颈内动脉注射pLXSN-Bcl-2cDNA对局灶性脑缺血大鼠脑梗死体积、神经细胞凋亡及其相关基因表达的影响

目的研究经颈内动脉注射质粒PLXSN介导人Bcl-2基因对大鼠局灶性脑缺血后脑梗死体积,神经细胞凋亡及Bcl-2、Bcl-xl和Bax表达的影响。方法健康Wistar雄性大鼠72只,采用线栓法制备大鼠MCAO模型,随机分为空质粒PLXSN对照组和PLXSN-Bcl-2治疗组。再灌注3h后分别经颈内动脉注射质粒PLXSN、PLXSN-Bcl-2。采用TTC染色法检测脑梗死体积,TUNEL法标记凋亡细胞,免疫组织化学法检测Bcl-2、Bcl-xl、Bax蛋白表达。结果MCAO后24、48和72h,脑梗死体积和凋亡神经细胞率治疗组显著小于对照组(P<0.05和P<0.01),治疗组Bcl-2和Bcl-xl蛋白的表达较对照组显著增加(P<0.01和P<0.05),而Bax蛋白表达治疗组较对照组显著减少(P<0.05)。结论颈内动脉注射质粒PLXSN介导Bcl-2基因对脑缺血有脑保护作用。促进bcl-2、bcl-xl表达升高,下调bax蛋白表达,从而抑制神经细胞凋亡,可能为其治疗脑梗死的机制之一。

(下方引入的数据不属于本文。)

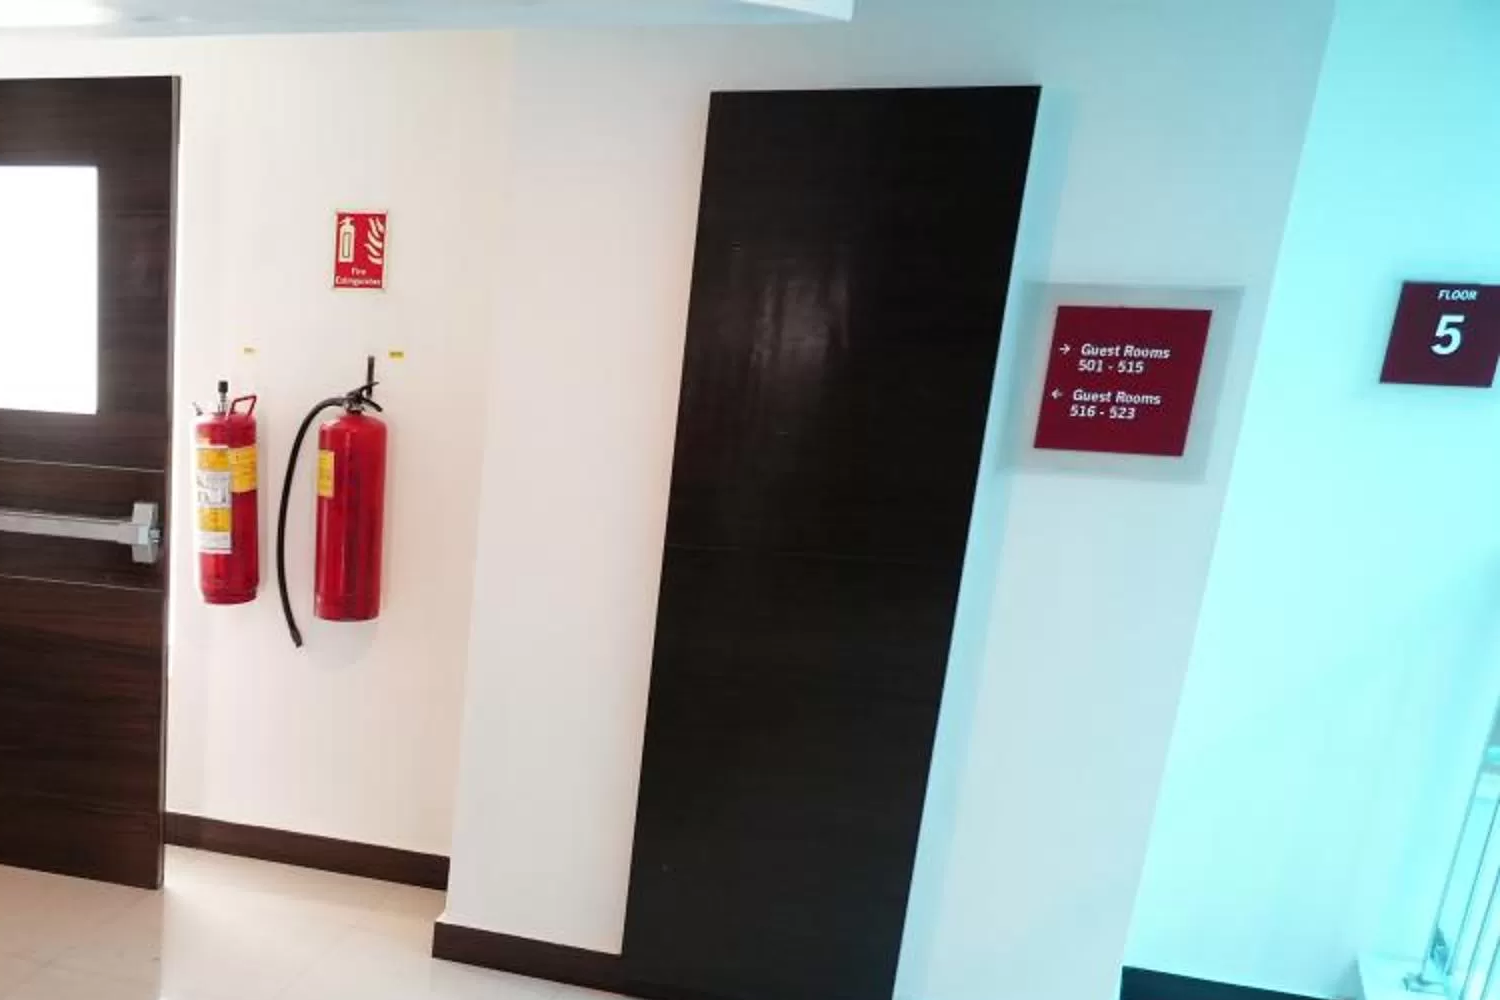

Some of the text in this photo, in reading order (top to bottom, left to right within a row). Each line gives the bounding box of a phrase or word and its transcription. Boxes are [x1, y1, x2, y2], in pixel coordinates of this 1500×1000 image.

Effects of intra-carotid artery delivery of pLXSN-Bcl-2 cDNA on cerebral infarct volume, neural cells apoptosis and related genes expression following focal cerebral ischemia in rats

Objective To observe the infarct volume,neuronal apoptosis and related genes expression after cerebral ischemia by intra-carotid artery delivery of pLXSN-Bcl-2 cDNA. Methods 72 male wistar rats were made into MCAO models and randomly assigned into pLSXN control group and Bcl-2 gene treated group. Two groups were respectively intra-carotid delivery of pLXSN and pLXSN-Bcl-2 three hours after MCAO. We studied the infarct volumes,neuronal apoptosis and Bcl-2,Bcl-xl,Bax expression in 24,48 and 72 h after MCAO. Results In 24,48,72 h after MCAO,the infarction volume and neuronal apoptosis in treated group were significantly less than the control group (P <0.05 and P <0.01,respectively). Compare with the control group,the expression of Bcl-2 and Bcl-xl proteins in treated group significantly increased (P <0.01 and P <0.05,respectively),but Bax proteins in treated group significantly decreased (P <0.05). Conclusions This study indicates that bcl-2 gene produces neuroprotective effect by intra-carotid artery injection after MCAO. One possible mechanism of action was up-regulated antiapoptotic bcl-2,bcl-xl gene expression and down-regulated proapoptotic bax in the penumbra in the early stage of cerebral ischemia.